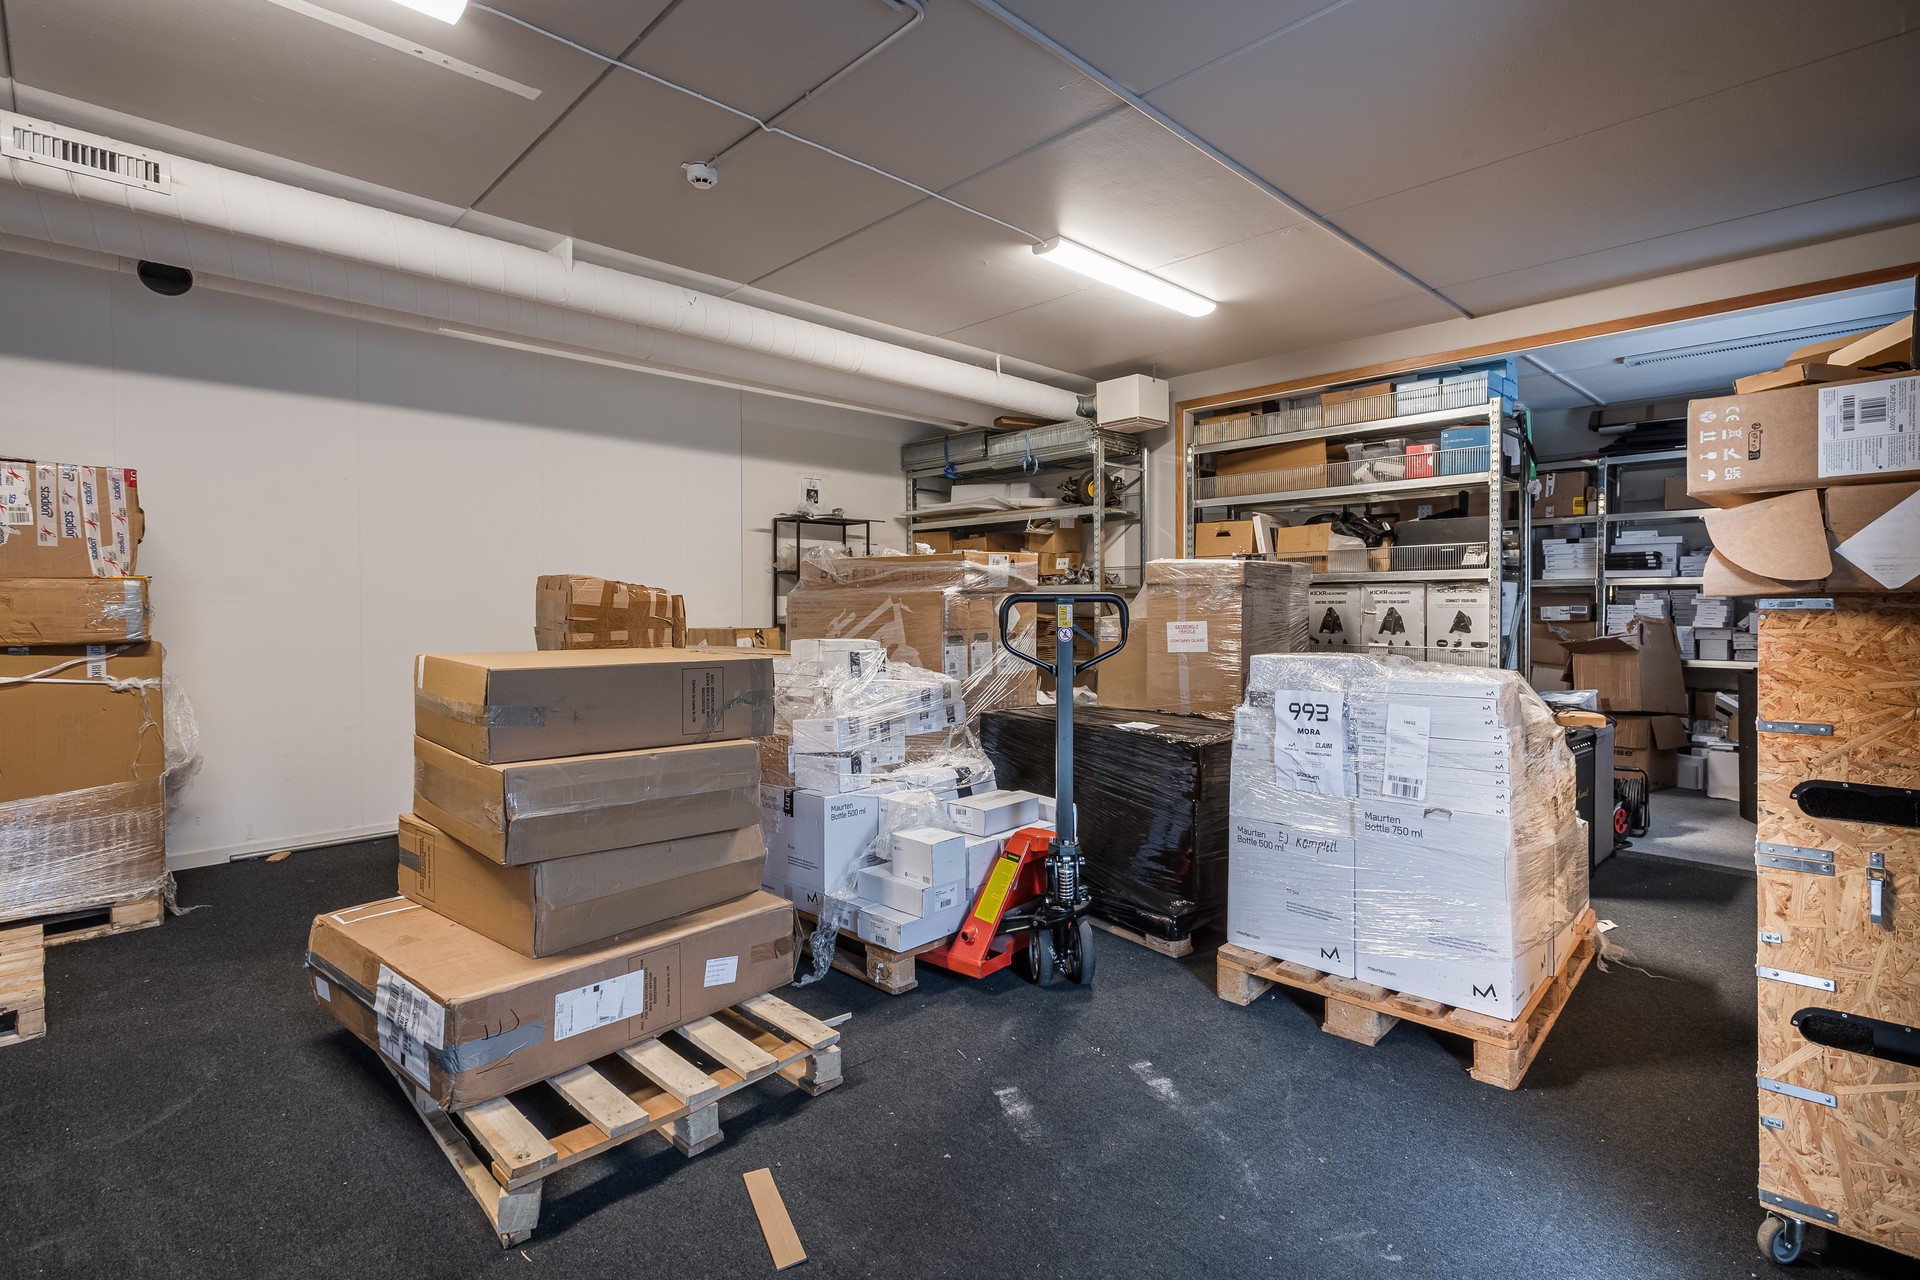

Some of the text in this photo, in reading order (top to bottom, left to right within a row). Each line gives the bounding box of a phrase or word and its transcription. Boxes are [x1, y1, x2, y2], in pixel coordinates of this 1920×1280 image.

[1733, 467, 1741, 479] UK
[83, 482, 92, 505] stadion
[112, 478, 122, 500] stadion
[41, 486, 53, 518] stadion
[88, 537, 98, 560] stadion
[1288, 702, 1330, 722] 993
[1297, 728, 1320, 736] MORA
[1315, 742, 1333, 750] CLAIM
[831, 803, 853, 812] Maurten
[831, 812, 847, 821] Bottle
[848, 809, 858, 817] 500
[1365, 812, 1400, 824] Maurten
[1237, 826, 1266, 839] Maurten
[1365, 822, 1423, 838] Bottle 750 ml
[1237, 835, 1258, 846] Bottle
[1259, 840, 1273, 849] 500
[1368, 966, 1397, 977] maurten.com
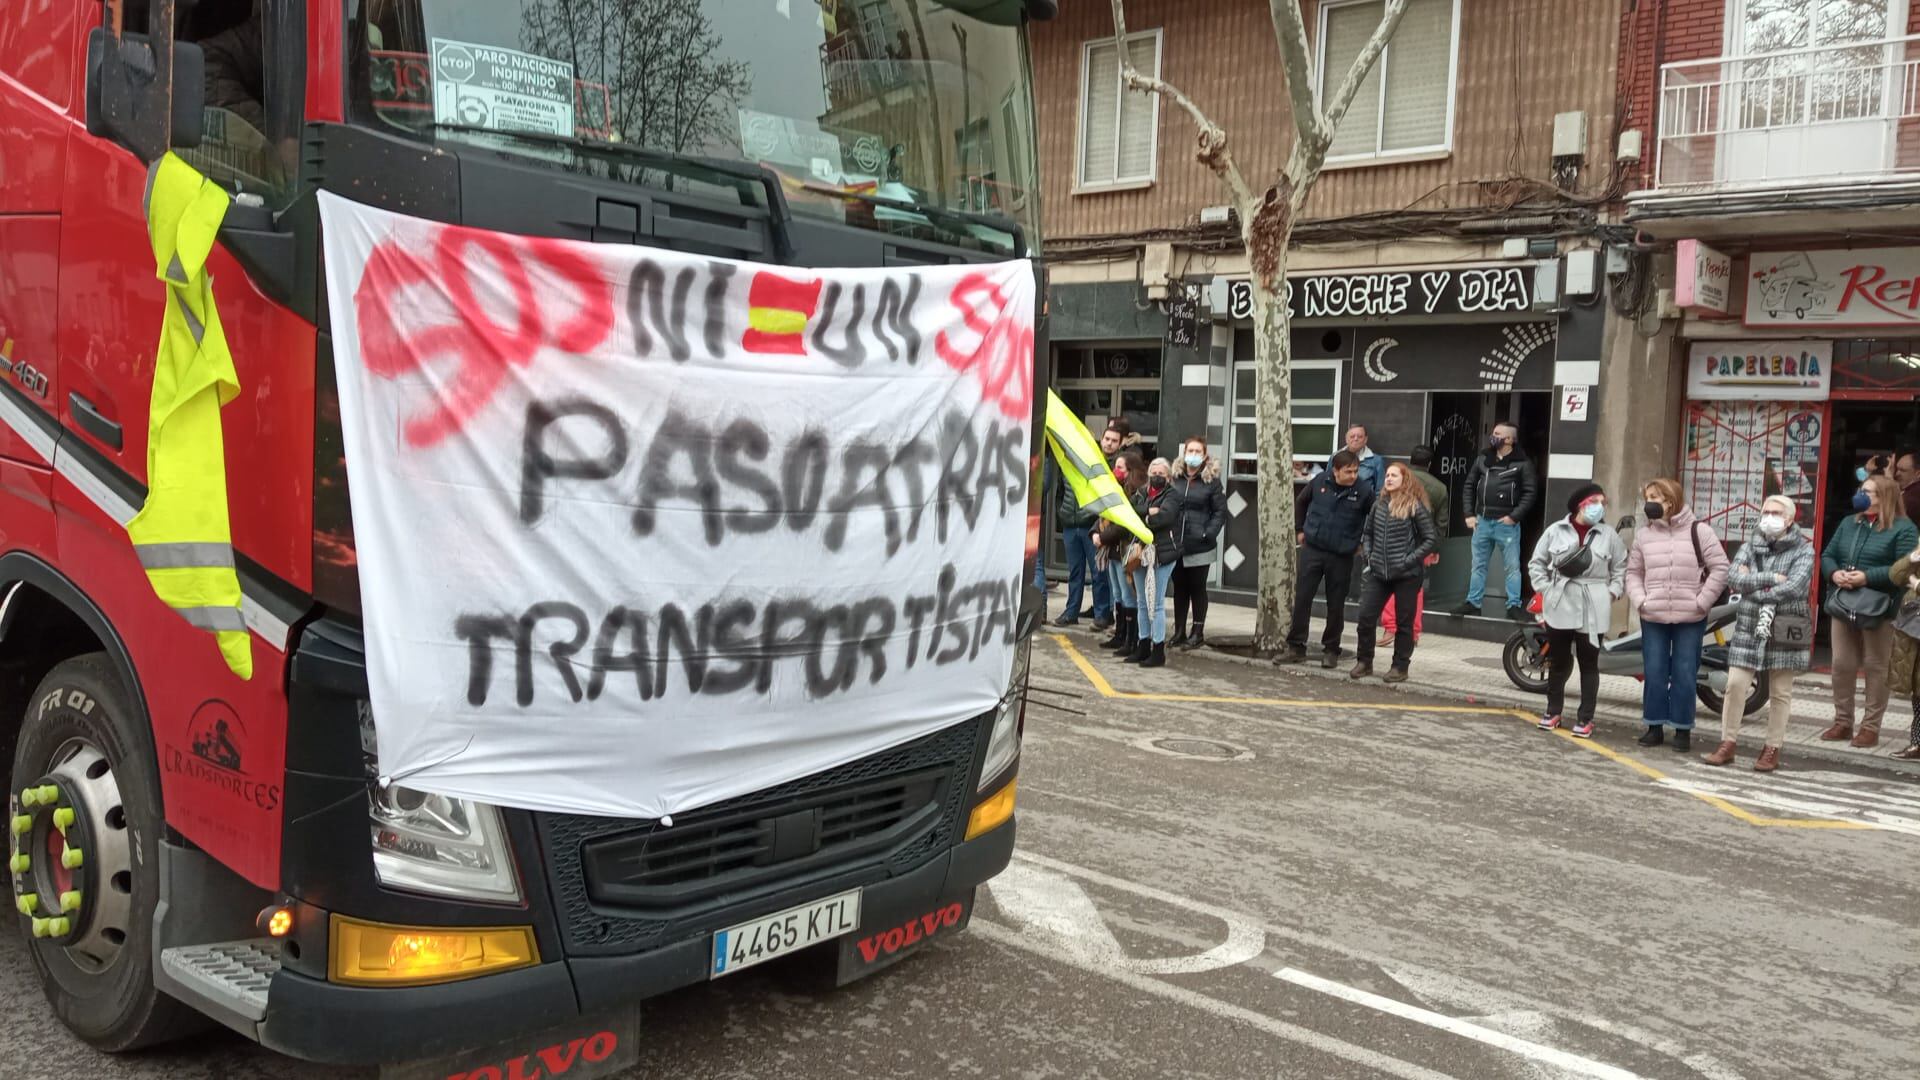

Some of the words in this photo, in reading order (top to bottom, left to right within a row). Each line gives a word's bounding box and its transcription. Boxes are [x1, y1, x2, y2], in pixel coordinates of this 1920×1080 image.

[440, 56, 472, 70] STOP
[475, 49, 508, 65] PARO
[511, 55, 570, 79] NACIONAL
[491, 65, 556, 89] INDEFINIDO
[494, 95, 556, 114] PLATAFORMA
[1304, 273, 1412, 317] NOCHE
[1420, 271, 1451, 313] Y
[1457, 268, 1529, 311] DIA
[624, 257, 737, 363] NI
[812, 271, 924, 368] UN
[13, 360, 48, 398] 460
[1706, 352, 1821, 377] PAPELERÍA
[1441, 456, 1468, 475] BAR
[731, 911, 798, 964] 4465
[806, 900, 851, 941] KTL
[856, 902, 963, 963] VOLVO

**DESCRIPTION OF THE TASK:** Please hand back every entry above exactly, with no images in the copy.

**SOLUTION TO THE EXERCISE:**
Some of the text in this photo, in reading order (top to bottom, left to right within a row). Each line gives the bounding box of a phrase or word and its transcription. Boxes are [x1, y1, x2, y2], in pixel coordinates of this 1920×1280 image.

[1733, 467, 1741, 479] UK
[83, 482, 92, 505] stadion
[112, 478, 122, 500] stadion
[41, 486, 53, 518] stadion
[88, 537, 98, 560] stadion
[1288, 702, 1330, 722] 993
[1297, 728, 1320, 736] MORA
[1315, 742, 1333, 750] CLAIM
[831, 803, 853, 812] Maurten
[831, 812, 847, 821] Bottle
[848, 809, 858, 817] 500
[1365, 812, 1400, 824] Maurten
[1237, 826, 1266, 839] Maurten
[1365, 822, 1423, 838] Bottle 750 ml
[1237, 835, 1258, 846] Bottle
[1259, 840, 1273, 849] 500
[1368, 966, 1397, 977] maurten.com

Some of the words in this photo, in reading order (top to bottom, left to right within a row). Each line gives a word's bounding box and its transcription. Boxes are [x1, y1, x2, y2], in pixel coordinates of this 1920×1080 image.

[440, 56, 472, 70] STOP
[475, 49, 508, 65] PARO
[511, 55, 570, 79] NACIONAL
[491, 65, 556, 89] INDEFINIDO
[494, 95, 556, 114] PLATAFORMA
[1304, 273, 1412, 317] NOCHE
[1420, 271, 1451, 313] Y
[1457, 268, 1529, 311] DIA
[624, 257, 737, 363] NI
[812, 271, 924, 368] UN
[13, 360, 48, 398] 460
[1706, 352, 1821, 377] PAPELERÍA
[1441, 456, 1468, 475] BAR
[731, 911, 798, 964] 4465
[806, 900, 851, 941] KTL
[856, 902, 963, 963] VOLVO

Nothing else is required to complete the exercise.